As a parent, nothing makes me angrier than when I hear of a child or teenager being bullied, whether it's at school, at home or online. The problem of bullying has become so bad that some of those affected actually take their own life. Below are some Statistics from StopBullying.org....
Here are statistics from studies that journalists and other content creators can feel comfortable including in their pieces. If you find data that looks significantly different, examine it critically, or ask an expert.
For statistics related to youth suicide see the CDC youth suicide webpage.
The 2017 School Crime Supplement. (National Center for Education Statistics and Bureau of Justice) indicates that, nationwide, about 20% of students ages 12-18 experienced bullying.The 2017 Youth Risk Behavior Surveillance System. (Centers for Disease Control and Prevention) indicates that, nationwide, 19% of students in grades 9–12 report being bullied on school property in the 12 months preceding the survey.

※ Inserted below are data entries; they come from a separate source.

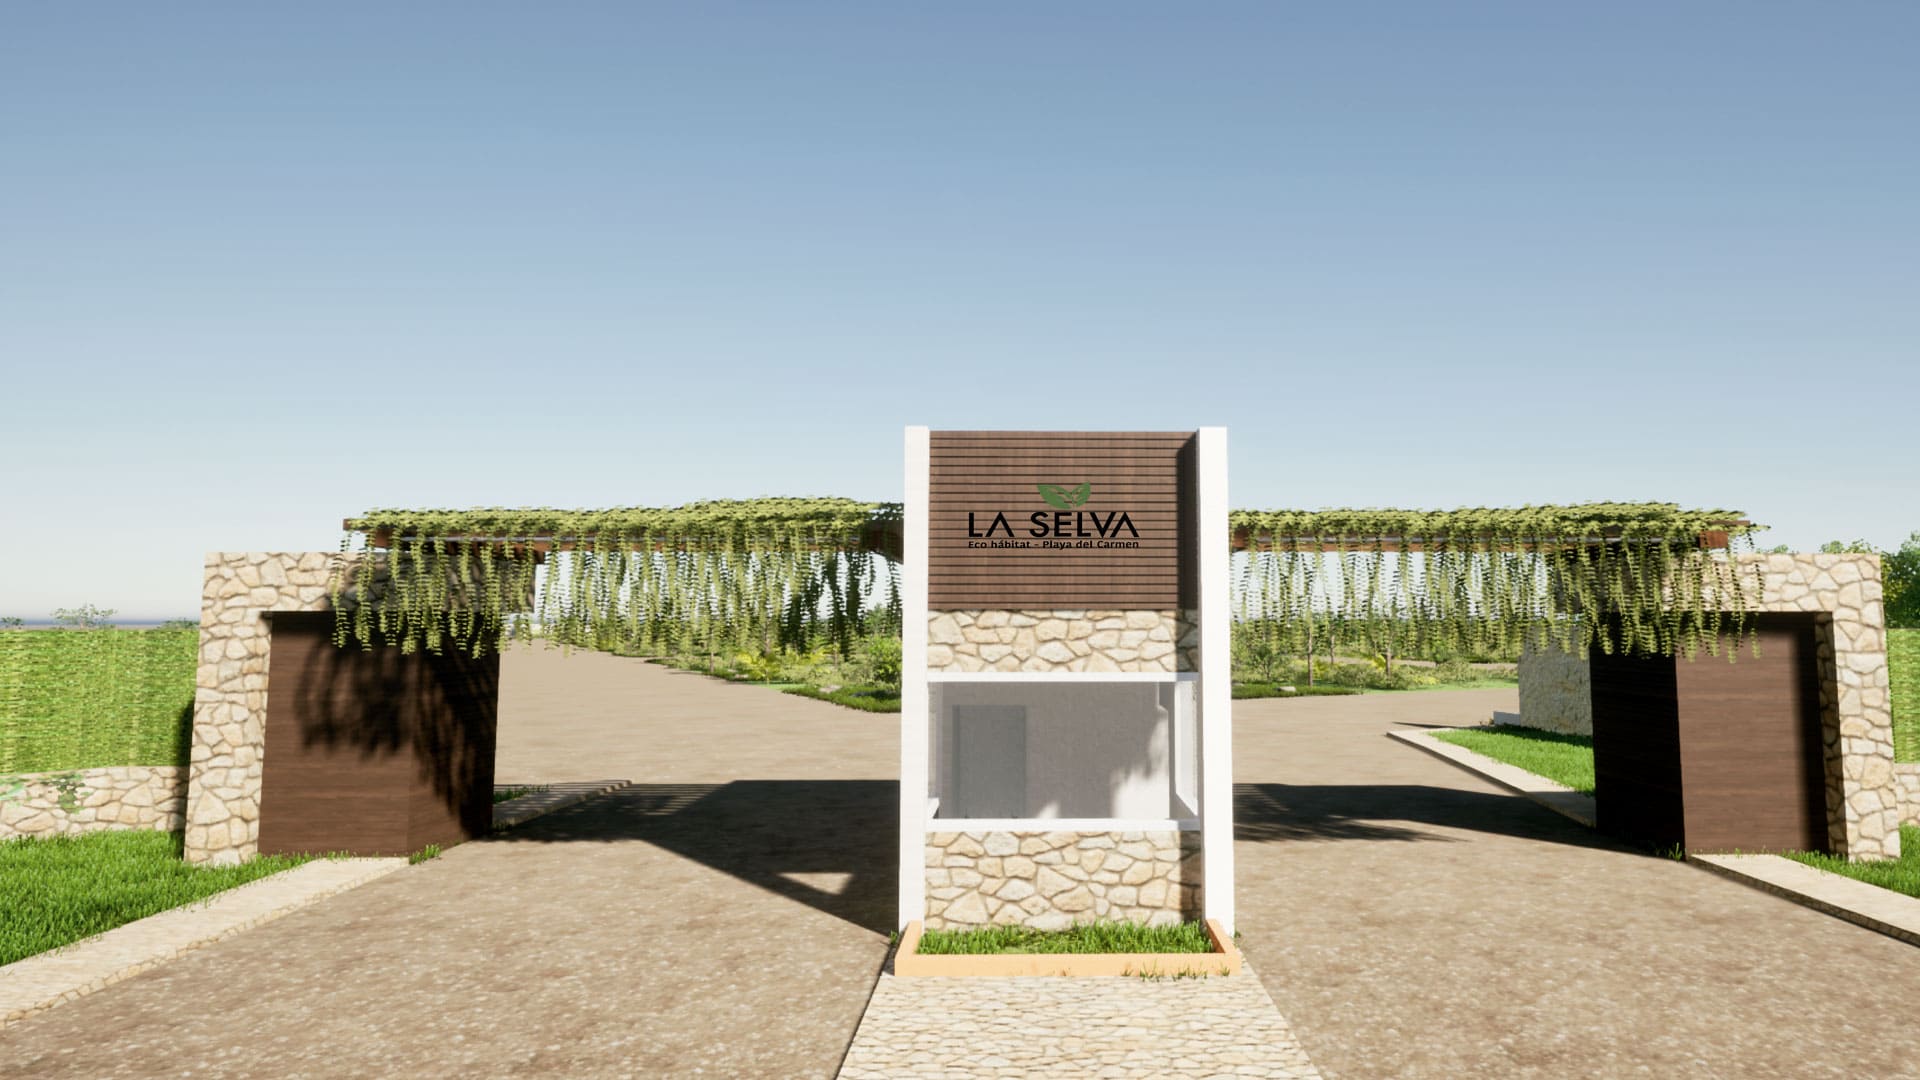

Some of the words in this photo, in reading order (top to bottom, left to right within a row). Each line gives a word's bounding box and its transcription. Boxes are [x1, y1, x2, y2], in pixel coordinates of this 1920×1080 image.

[968, 511, 1015, 538] LA
[1029, 511, 1140, 538] SELVA
[968, 540, 988, 549] Eco
[991, 539, 1031, 549] hábitat
[1042, 540, 1072, 551] Playa
[1075, 540, 1093, 549] del
[1097, 540, 1140, 549] Carmen

Approximately 30% of young people admit to bullying others in surveys.
70.6% of young people say they have seen bullying in their schools. 70.4% of school staff have seen bullying. 62% witnessed bullying two or more times in the last month and 41% witness bullying once a week or more. When bystanders intervene, bullying stops within 10 seconds 57% of the time.

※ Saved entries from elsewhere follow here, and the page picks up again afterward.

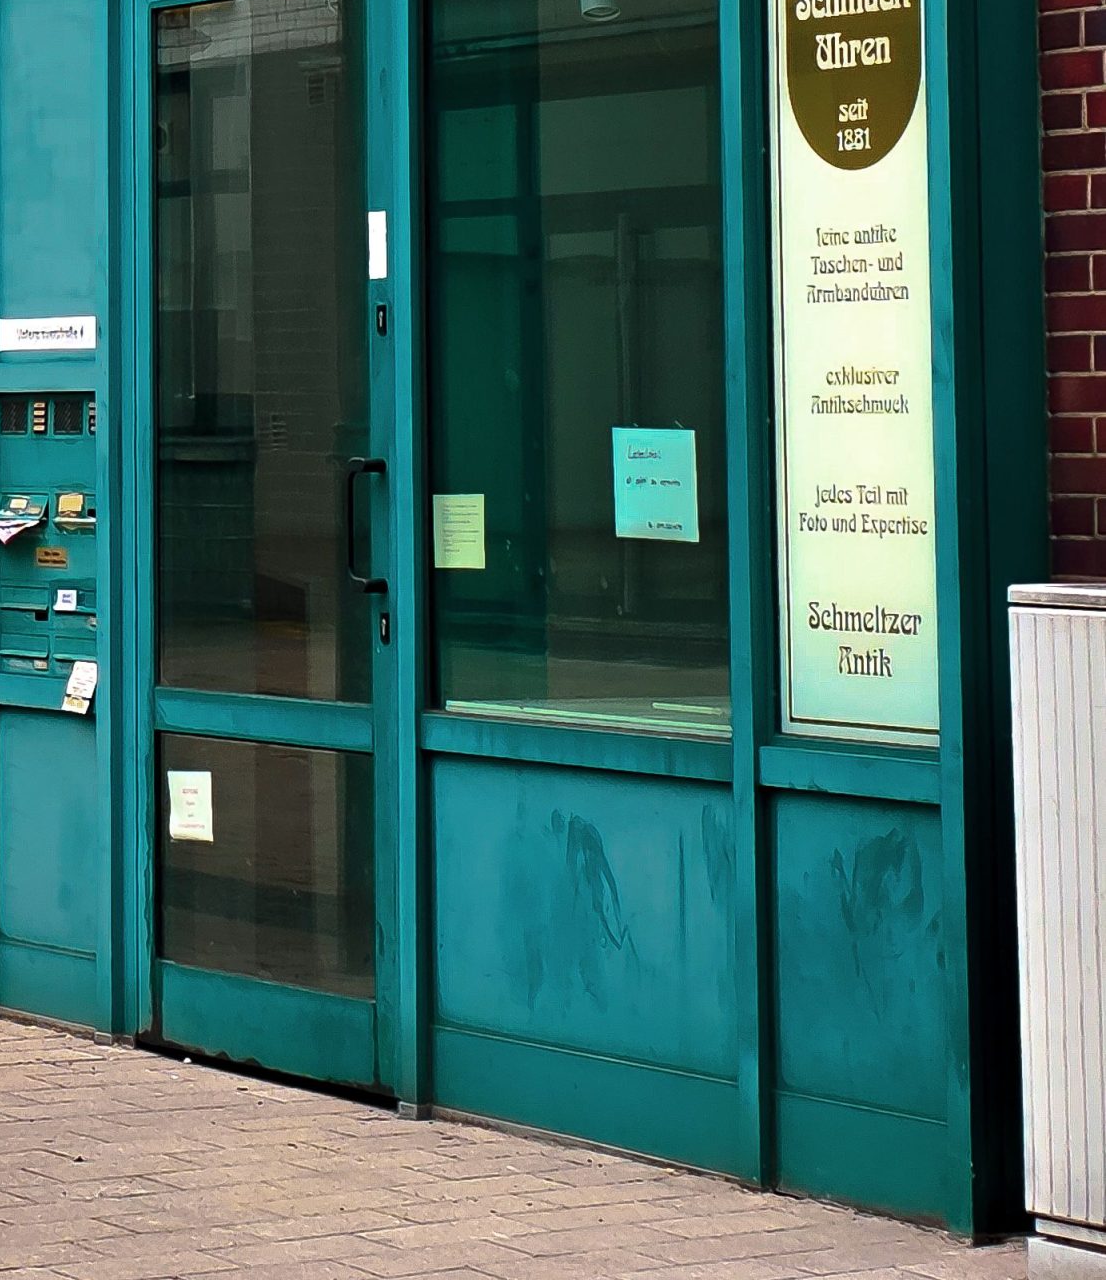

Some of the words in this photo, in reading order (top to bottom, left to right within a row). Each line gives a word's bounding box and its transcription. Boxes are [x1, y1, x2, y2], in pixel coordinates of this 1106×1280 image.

[816, 32, 891, 70] Uhren
[838, 97, 869, 122] seit
[836, 127, 871, 152] 1881
[854, 224, 897, 245] antike
[811, 255, 874, 276] Taschen-
[878, 251, 903, 272] und
[806, 281, 909, 304] Armbanduhren
[826, 366, 900, 386] exklusiver
[811, 395, 909, 415] Antikschmuck
[856, 484, 881, 505] Teil
[886, 487, 909, 506] mit
[799, 512, 828, 532] Foto
[832, 513, 856, 534] und
[861, 514, 928, 539] Expertise
[808, 601, 922, 636] Schmeltzer
[838, 645, 893, 678] Antik
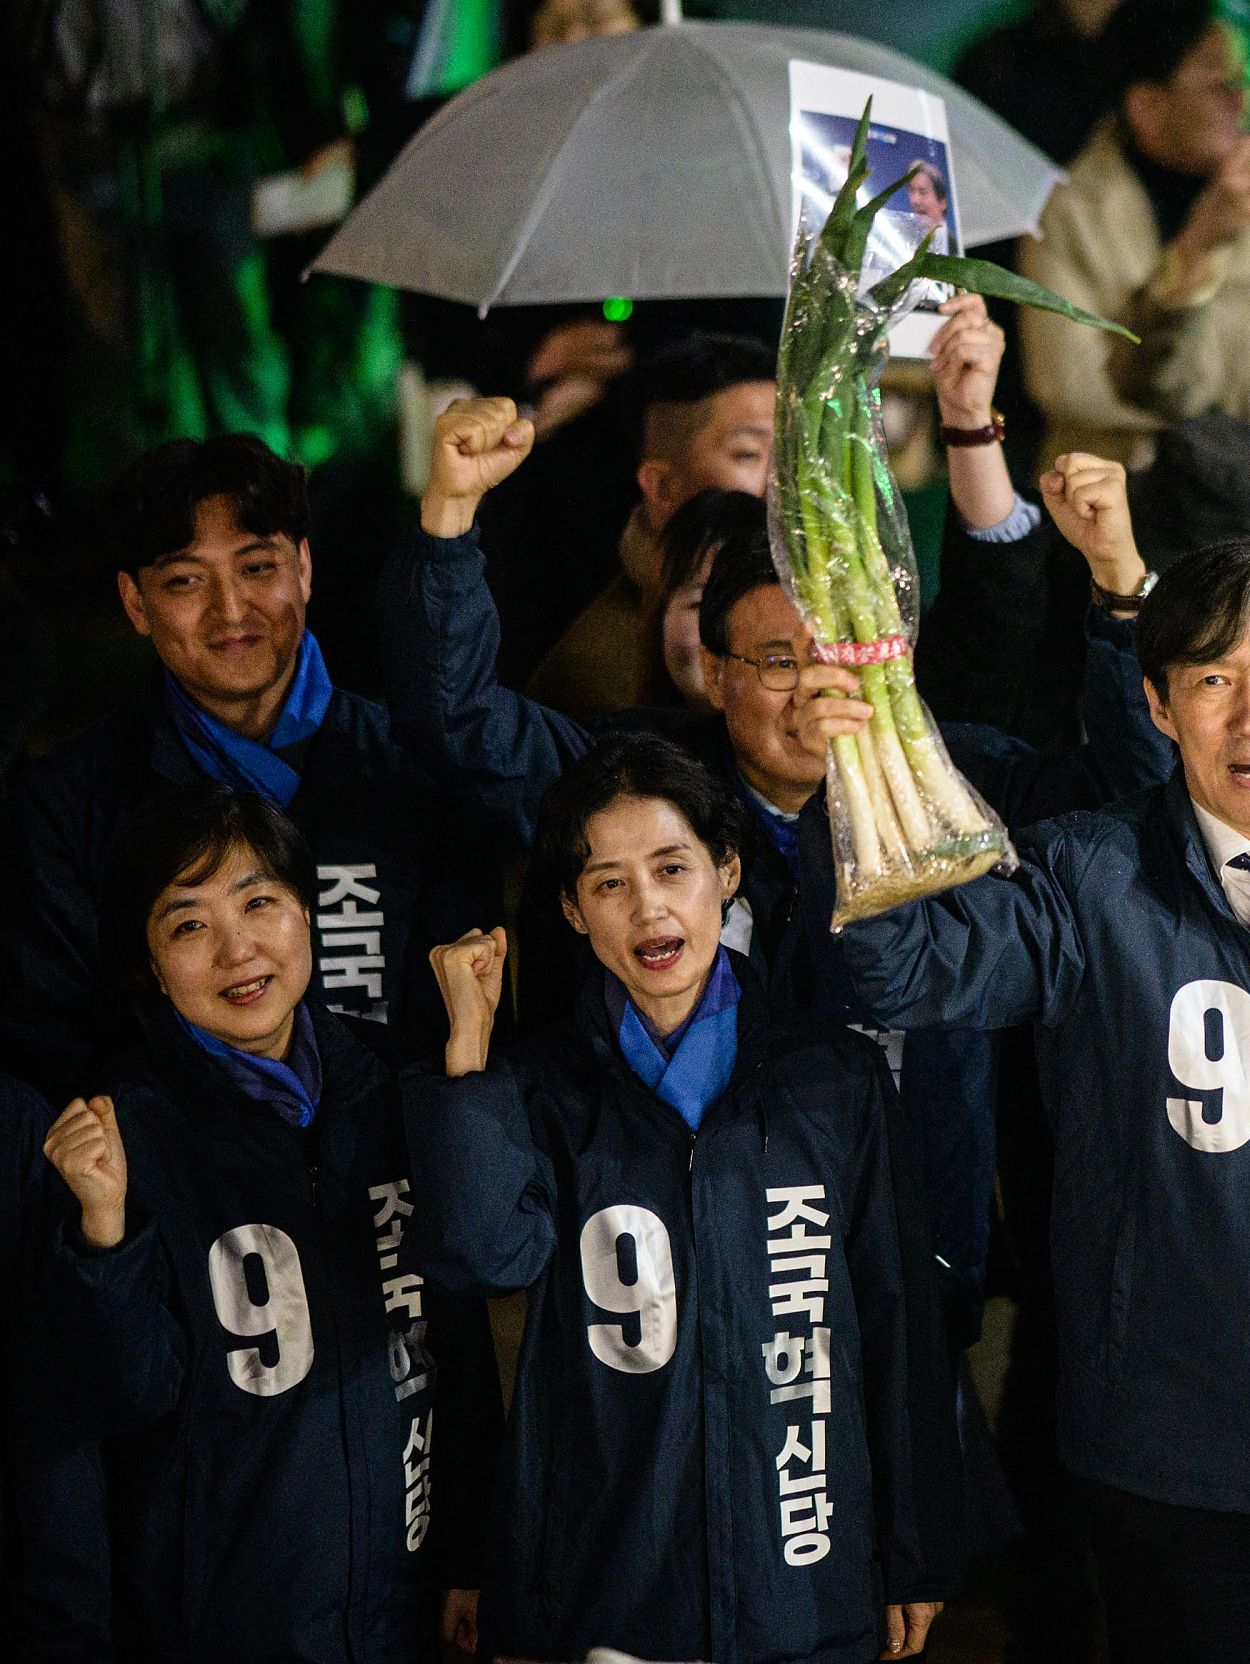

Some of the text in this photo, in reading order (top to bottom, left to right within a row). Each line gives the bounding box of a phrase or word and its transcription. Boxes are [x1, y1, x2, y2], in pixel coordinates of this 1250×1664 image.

[208, 1223, 315, 1397] 9
[580, 1204, 678, 1374] 9
[762, 1184, 834, 1567] 조국혁신당

The 2017 School Crime Supplement. (National Center for Education Statistics and Bureau of Justice) indicates that, among students ages 12-18 who reported being bullied at school during the school year, 15% were bullied online or by text.The 2017 Youth Risk Behavior Surveillance System. (Centers for Disease Control and Prevention) indicates that an estimated 14.9% of high school students were electronically bullied in the 12 months prior to the survey.
How Often Bullied
In one large study, about 49% of children in grades 4–12 reported being bullied by other students at school at least once during the past month, whereas 30.8% reported bullying others during that time.Defining "frequent" involvement in bullying as occurring two or more times within the past month, 40.6% of students reported some type of frequent involvement in bullying, with 23.2% being the youth frequently bullied, 8.0% being the youth who frequently bullied others, and 9.4% playing both roles frequently.
Types of Bullying
The most common types of bullying are verbal and social. Physical bullying happens less often. Cyberbullying happens the least frequently.According to one large study, the following percentages of middle schools students had experienced these various types of bullying: name calling (44.2 %); teasing (43.3 %); spreading rumors or lies (36.3%); pushing or shoving (32.4%); hitting, slapping, or kicking (29.2%); leaving out (28.5%); threatening (27.4%); stealing belongings (27.3%); sexual comments or gestures (23.7%); e-mail or blogging (9.9%).
Where Bullying Occurs
Most bullying takes place in school, outside on school grounds, and on the school bus. Bullying also happens wherever kids gather in the community. And of course, cyberbullying occurs on cell phones and online.According to one large study, the following percentages of middle schools students had experienced bullying in these various places at school: classroom (29.3%); hallway or lockers (29.0%); cafeteria (23.4%); gym or PE class (19.5%); bathroom (12.2%); playground or recess (6.2%).
How Often Adult Notified
Only about 20 to 30% of students who are bullied notify adults about the bullying.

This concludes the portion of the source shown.